| TASK DIRECTIONS |
Take the line with "this 1631×1631 image." as the first and the last line of the data as the end. Write out both and every line between exactly, except pictures.

| GIVEN RECORDS |

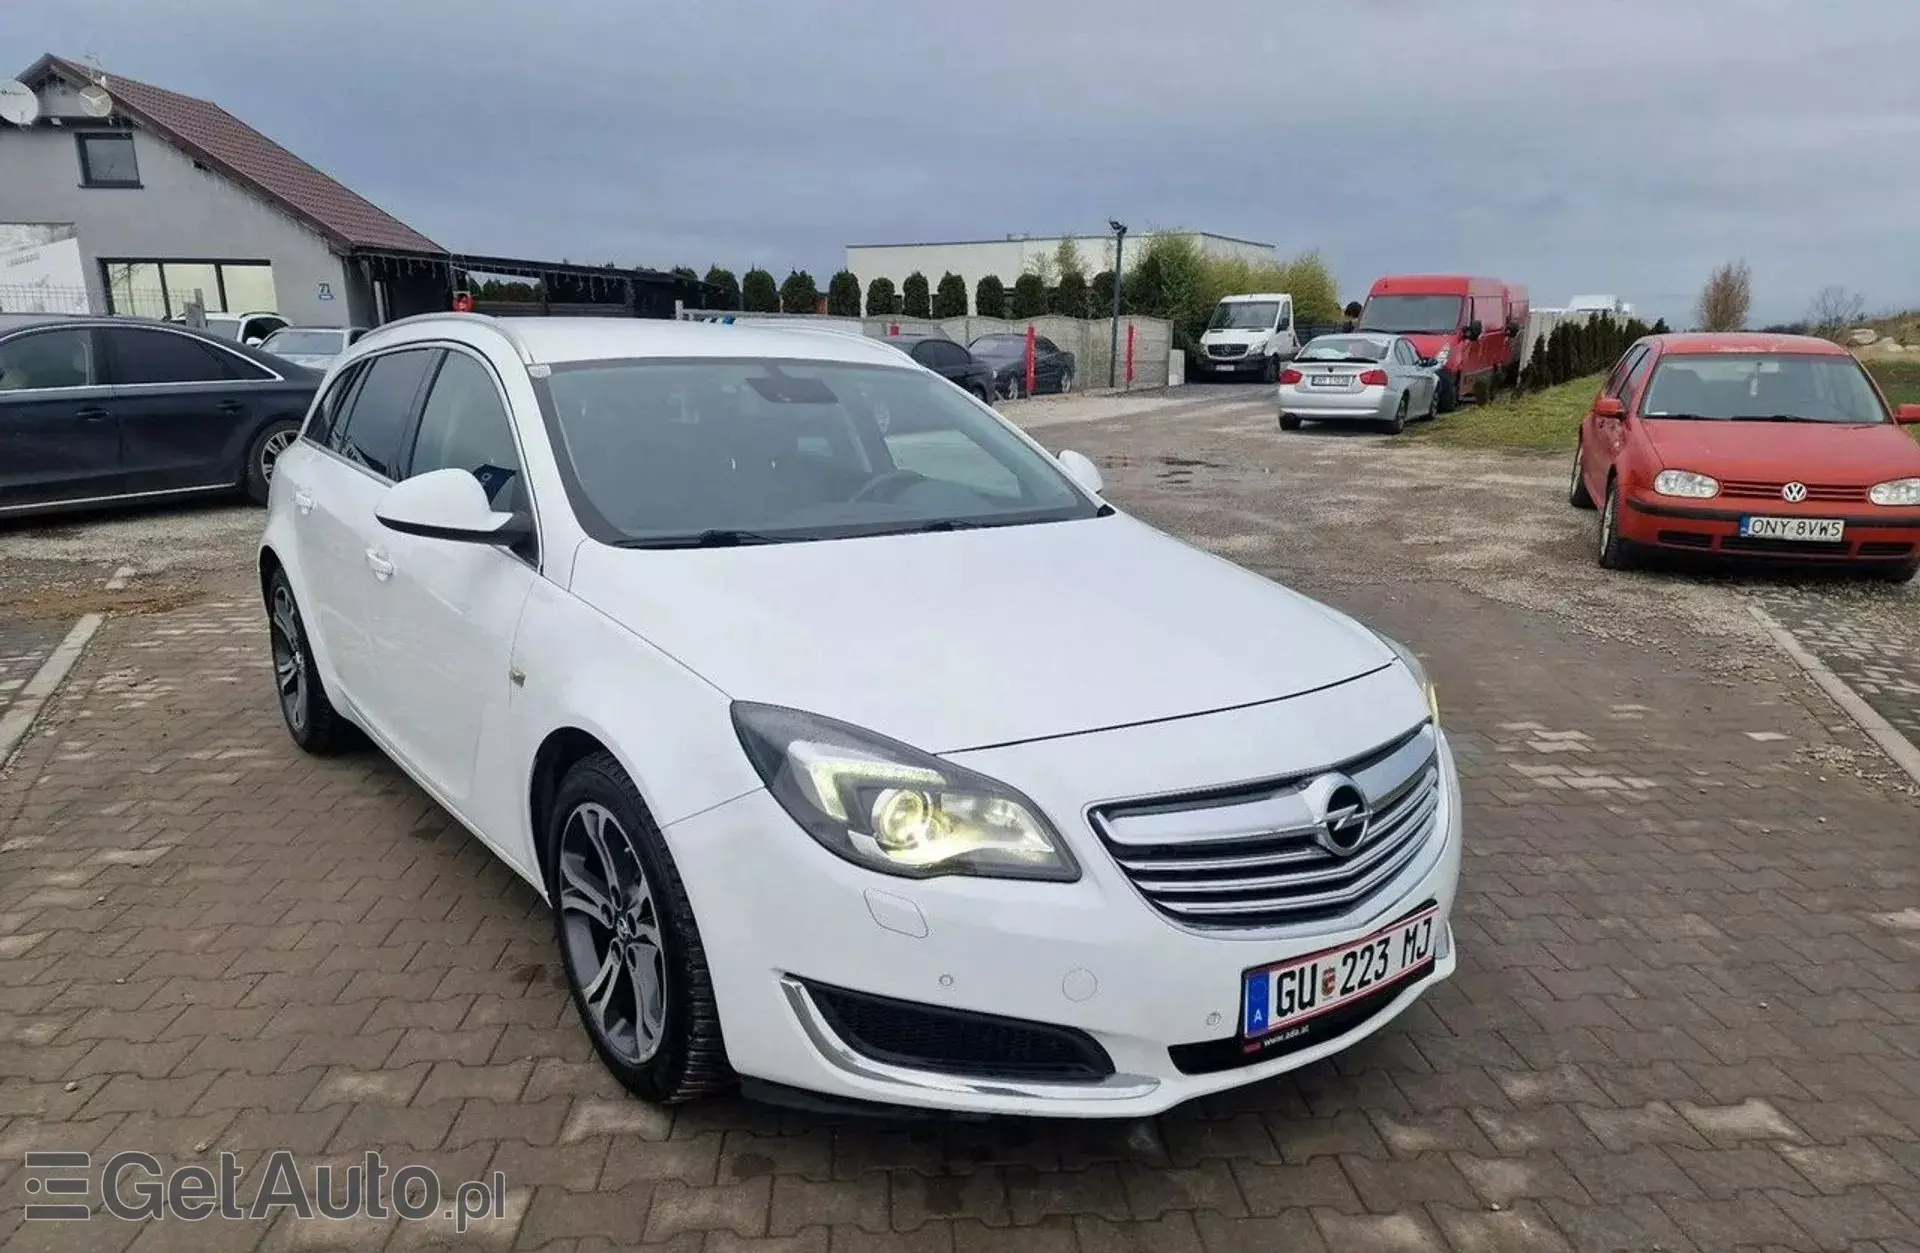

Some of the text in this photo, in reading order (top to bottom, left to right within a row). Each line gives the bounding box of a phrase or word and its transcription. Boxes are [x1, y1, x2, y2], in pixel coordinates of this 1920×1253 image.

[1752, 519, 1841, 538] ONY 8VW5
[1276, 917, 1433, 1018] GU 223 MJ
[1254, 1009, 1263, 1024] A
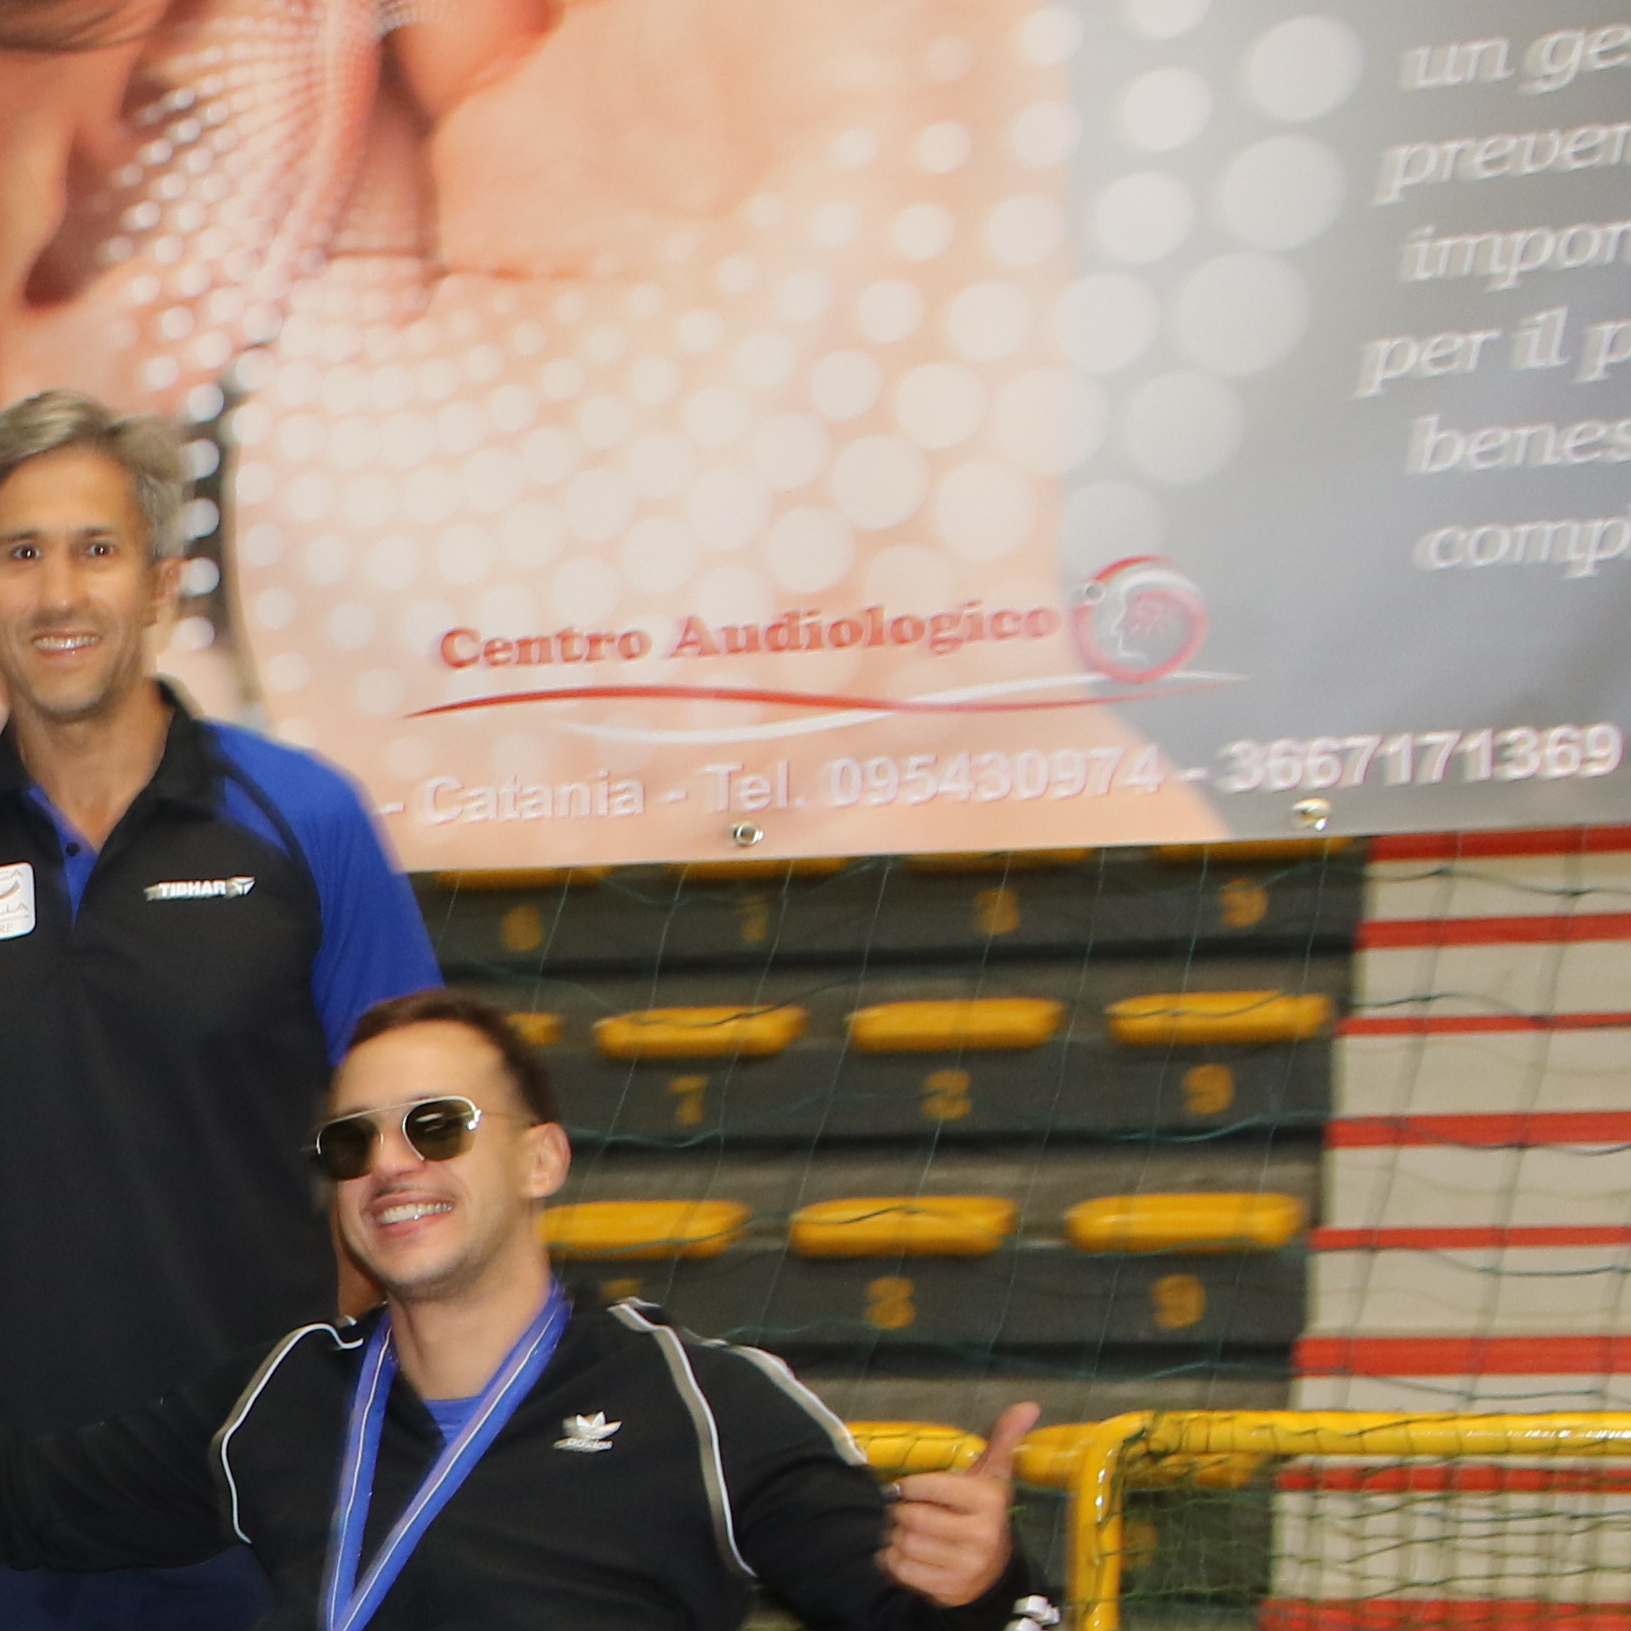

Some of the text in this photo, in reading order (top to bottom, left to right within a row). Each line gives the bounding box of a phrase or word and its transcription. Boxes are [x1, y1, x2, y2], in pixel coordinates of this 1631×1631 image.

[1402, 21, 1631, 95] un ge
[1355, 328, 1501, 400] per
[1512, 306, 1572, 372] il
[1407, 412, 1631, 476] benes
[1416, 515, 1631, 580] comp
[439, 600, 1062, 669] Centro Audiologico
[422, 770, 646, 825] Catania
[702, 759, 806, 814] Tel.
[828, 744, 1165, 806] 095430974
[1220, 722, 1623, 794] 3667171369
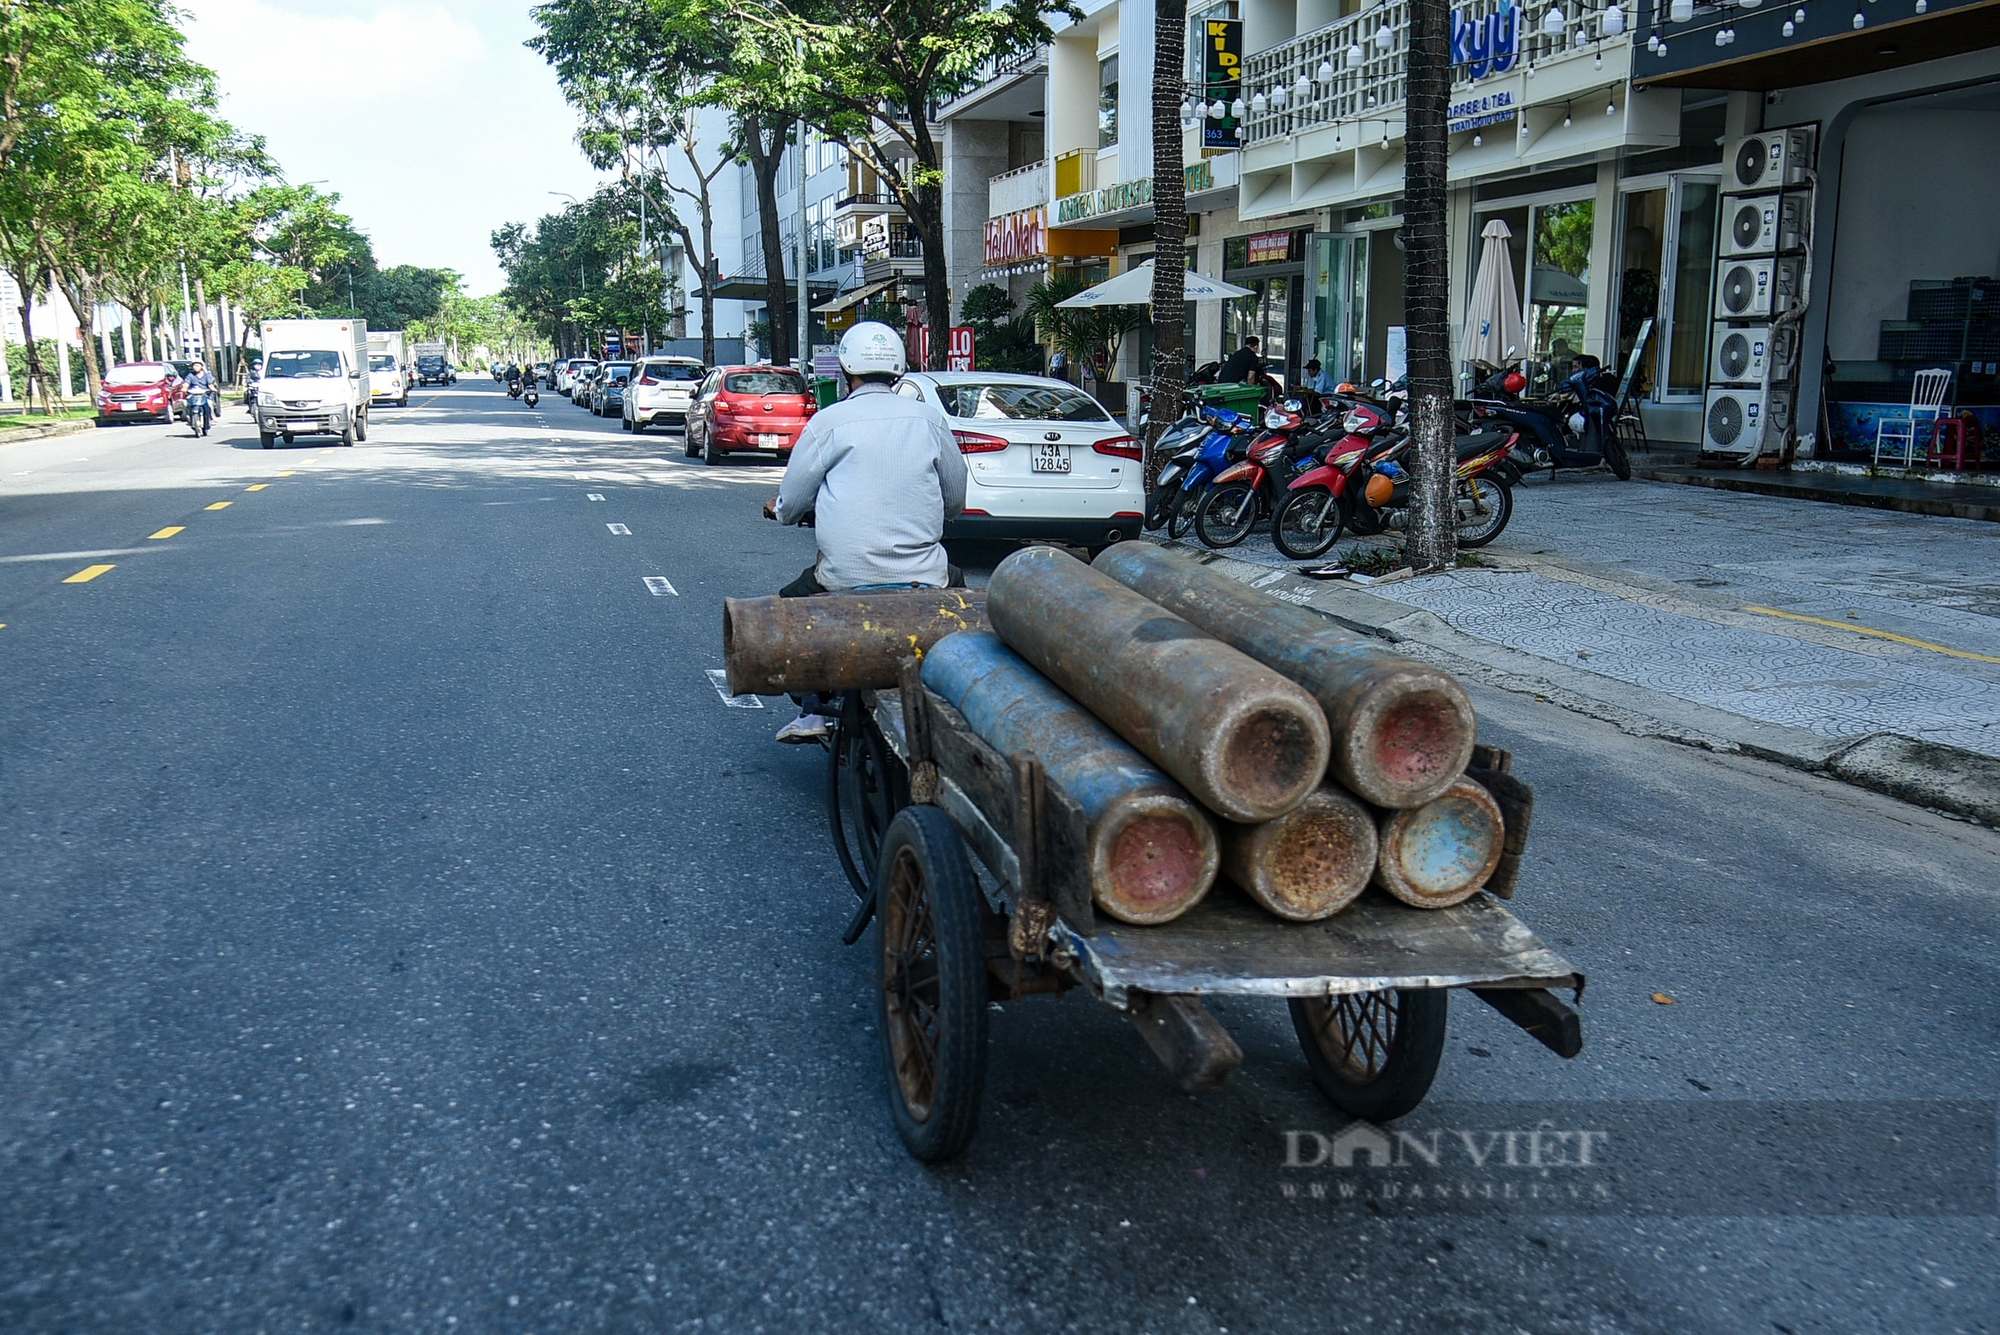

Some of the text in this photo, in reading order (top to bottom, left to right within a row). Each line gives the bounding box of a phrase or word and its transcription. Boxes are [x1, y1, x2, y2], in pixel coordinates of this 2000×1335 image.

[1208, 22, 1241, 80] KIDS
[1208, 72, 1239, 129] ZOE
[1447, 91, 1513, 118] OFFEE & TEA
[1206, 130, 1223, 139] 363
[1097, 178, 1152, 213] RIVERSID
[1184, 160, 1213, 191] TEL
[1035, 458, 1070, 471] 128.45
[1041, 445, 1061, 457] 43A

| YOUR SOLUTION |
Some of the text in this photo, in reading order (top to bottom, left to right within a row). Each line gives the bounding box of a phrase or word and its transcription. Boxes are [x1, y1, x2, y2], in pixel coordinates of this 1631×1631 image.

[1402, 21, 1631, 95] un ge
[1355, 328, 1501, 400] per
[1512, 306, 1572, 372] il
[1407, 412, 1631, 476] benes
[1416, 515, 1631, 580] comp
[439, 600, 1062, 669] Centro Audiologico
[422, 770, 646, 825] Catania
[702, 759, 806, 814] Tel.
[828, 744, 1165, 806] 095430974
[1220, 722, 1623, 794] 3667171369

Some of the text in this photo, in reading order (top to bottom, left to right within a row). Each line gives the bounding box of a phrase or word and its transcription. Boxes are [x1, y1, x2, y2], in pixel coordinates of this 2000×1335 image.

[1208, 22, 1241, 80] KIDS
[1208, 72, 1239, 129] ZOE
[1447, 91, 1513, 118] OFFEE & TEA
[1206, 130, 1223, 139] 363
[1097, 178, 1152, 213] RIVERSID
[1184, 160, 1213, 191] TEL
[1035, 458, 1070, 471] 128.45
[1041, 445, 1061, 457] 43A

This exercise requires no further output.